For pH electrodes, some plants have established the middle selection of three electrodes as a best practice. (See items 1-3 in the Extra Credit sidebar, located at the end of this story.) Many users have moved to two electrodes, but since the electrodes never agree, using two raises more questions than answers and offers no improvement in reliability if the wrong electrode is chosen.
Manual and automated logic that establish one electrode as the favorite would make an interesting article. Middle signal selection, on the other hand, is quite boring, since it inherently provides protection against a single failure of any type, including the most insidious of all, a failure to a value that matches the pH set point, a very real possibility for pH. Using the middle value can also reduce noise and improve the accuracy of the signal.
The Art of Simulation
A virtual plant was recently used to prototype and test new advanced control strategies for a plant waste-treatment system. The virtual plant consists of a first-principle dynamic model of the pH system and the control system configuration running on the same PC. (See items 4 and 5 in Extra Credit sidebar, located at the end of this story.) The model includes component, charge and energy balances for various types of equipment and piping designs. The task of setting one up is a lot less intimidating, both in terms of numerical computation and physical properties, than is normally associated with high-fidelity process models if one focuses on simplification and attention to details that really matterthe essence of the art of dynamic simulation. For example, the effect of valve resolution, dip tube volume, transportation and mixing delays are modeled because these are often the large sources of dead time. The name of the game with pH is to minimize the loop dead time to minimize the excursion along the highly nonlinear titration curve.
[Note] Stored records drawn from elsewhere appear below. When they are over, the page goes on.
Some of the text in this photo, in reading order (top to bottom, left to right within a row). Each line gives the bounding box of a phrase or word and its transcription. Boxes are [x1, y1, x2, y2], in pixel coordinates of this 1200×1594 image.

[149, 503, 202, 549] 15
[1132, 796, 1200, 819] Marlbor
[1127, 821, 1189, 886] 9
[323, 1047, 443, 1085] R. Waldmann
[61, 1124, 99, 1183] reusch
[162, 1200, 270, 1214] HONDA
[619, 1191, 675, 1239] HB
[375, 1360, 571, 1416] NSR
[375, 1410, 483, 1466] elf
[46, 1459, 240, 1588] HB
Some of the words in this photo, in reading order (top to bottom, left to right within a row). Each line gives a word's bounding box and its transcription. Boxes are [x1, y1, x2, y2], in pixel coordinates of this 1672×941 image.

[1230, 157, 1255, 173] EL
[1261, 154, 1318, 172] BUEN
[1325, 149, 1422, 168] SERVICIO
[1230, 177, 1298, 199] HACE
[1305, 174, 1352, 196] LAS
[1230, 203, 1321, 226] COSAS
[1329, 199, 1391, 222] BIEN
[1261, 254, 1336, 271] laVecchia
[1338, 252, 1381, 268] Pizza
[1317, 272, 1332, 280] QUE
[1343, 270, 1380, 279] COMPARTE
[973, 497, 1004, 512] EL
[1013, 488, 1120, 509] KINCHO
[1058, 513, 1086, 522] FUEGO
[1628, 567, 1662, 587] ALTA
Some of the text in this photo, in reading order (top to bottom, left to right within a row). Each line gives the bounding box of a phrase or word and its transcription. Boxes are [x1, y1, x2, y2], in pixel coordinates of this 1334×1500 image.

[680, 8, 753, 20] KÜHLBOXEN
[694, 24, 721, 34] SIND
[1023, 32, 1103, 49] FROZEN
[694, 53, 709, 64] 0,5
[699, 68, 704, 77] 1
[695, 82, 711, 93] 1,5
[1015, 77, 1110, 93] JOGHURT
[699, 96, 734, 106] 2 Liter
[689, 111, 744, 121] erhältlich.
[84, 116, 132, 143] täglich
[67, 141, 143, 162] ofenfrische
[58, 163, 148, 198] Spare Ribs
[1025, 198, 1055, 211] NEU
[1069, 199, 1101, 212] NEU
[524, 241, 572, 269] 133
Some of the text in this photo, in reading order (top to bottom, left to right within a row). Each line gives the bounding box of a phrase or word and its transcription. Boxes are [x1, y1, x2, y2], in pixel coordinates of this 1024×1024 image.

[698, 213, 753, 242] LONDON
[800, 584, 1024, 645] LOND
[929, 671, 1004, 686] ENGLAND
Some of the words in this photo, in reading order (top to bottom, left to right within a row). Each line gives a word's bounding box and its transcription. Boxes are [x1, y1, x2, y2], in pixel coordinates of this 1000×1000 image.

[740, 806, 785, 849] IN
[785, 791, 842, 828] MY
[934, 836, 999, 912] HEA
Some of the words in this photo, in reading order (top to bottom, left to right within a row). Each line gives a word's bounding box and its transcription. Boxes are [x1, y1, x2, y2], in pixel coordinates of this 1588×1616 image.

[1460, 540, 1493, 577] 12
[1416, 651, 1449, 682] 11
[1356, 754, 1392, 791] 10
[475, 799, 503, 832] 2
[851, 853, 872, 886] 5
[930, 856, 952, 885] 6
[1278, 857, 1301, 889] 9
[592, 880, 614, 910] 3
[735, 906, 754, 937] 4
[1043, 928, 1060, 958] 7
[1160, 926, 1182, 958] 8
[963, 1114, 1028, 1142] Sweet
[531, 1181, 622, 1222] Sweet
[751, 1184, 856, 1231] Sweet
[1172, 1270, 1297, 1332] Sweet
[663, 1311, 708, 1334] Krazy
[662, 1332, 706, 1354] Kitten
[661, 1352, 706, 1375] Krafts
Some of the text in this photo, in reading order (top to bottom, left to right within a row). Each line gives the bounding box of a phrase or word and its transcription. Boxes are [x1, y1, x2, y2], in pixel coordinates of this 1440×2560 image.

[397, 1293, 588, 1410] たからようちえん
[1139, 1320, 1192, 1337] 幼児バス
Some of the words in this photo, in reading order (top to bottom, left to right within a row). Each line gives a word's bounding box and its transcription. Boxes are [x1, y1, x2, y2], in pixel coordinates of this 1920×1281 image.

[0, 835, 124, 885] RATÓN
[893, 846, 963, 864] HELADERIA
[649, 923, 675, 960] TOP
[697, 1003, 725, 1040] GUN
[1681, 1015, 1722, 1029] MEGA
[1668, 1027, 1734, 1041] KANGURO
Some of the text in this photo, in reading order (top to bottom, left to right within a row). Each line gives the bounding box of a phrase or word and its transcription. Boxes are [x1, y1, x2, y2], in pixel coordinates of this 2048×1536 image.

Process models may have hundreds of thousand of compounds and millions of details on physical properties, but often assume perfect valves, perfectly mixed volumes and perfect injection of reagents, all of which cause a serious underestimation of the loop dead time, leading to erroneous conclusions and bizarre controller tuning. (See Items 6, 7, and 8 in sidebar, located at the end of this story.) For pH modeling for process control of environmental systems, about 20 acids and bases cover about 90% of the applications. The physical properties requirements are much less (just molecular weight, density and dissociation constants of each acid and base). The waste treatment systems are normally dilute enough so that activity coefficients are not needed.
We tested the online pH model in a plant waste-treatment system that had two stages of inline pH control followed by a tank, as shown in Figure 1. Each stage consisted of a static mixer, multiple reagent control valves in parallel, and the middle selection of three pH electrodes to improve the resolution and reliability of the final element and measurement. The big downstream tank with three electrodes was not particularly well mixed, but still provided significant attenuation (smoothing) of the pH oscillations from the inline systems. There was a complex custom fuzzy logic control system on the tank that worked, but sometimes made changes operators could not understand. The engineer who implemented the fuzzy logic had moved on, and its detailed functionality was a mystery to us, let alone to those not privy to its origin.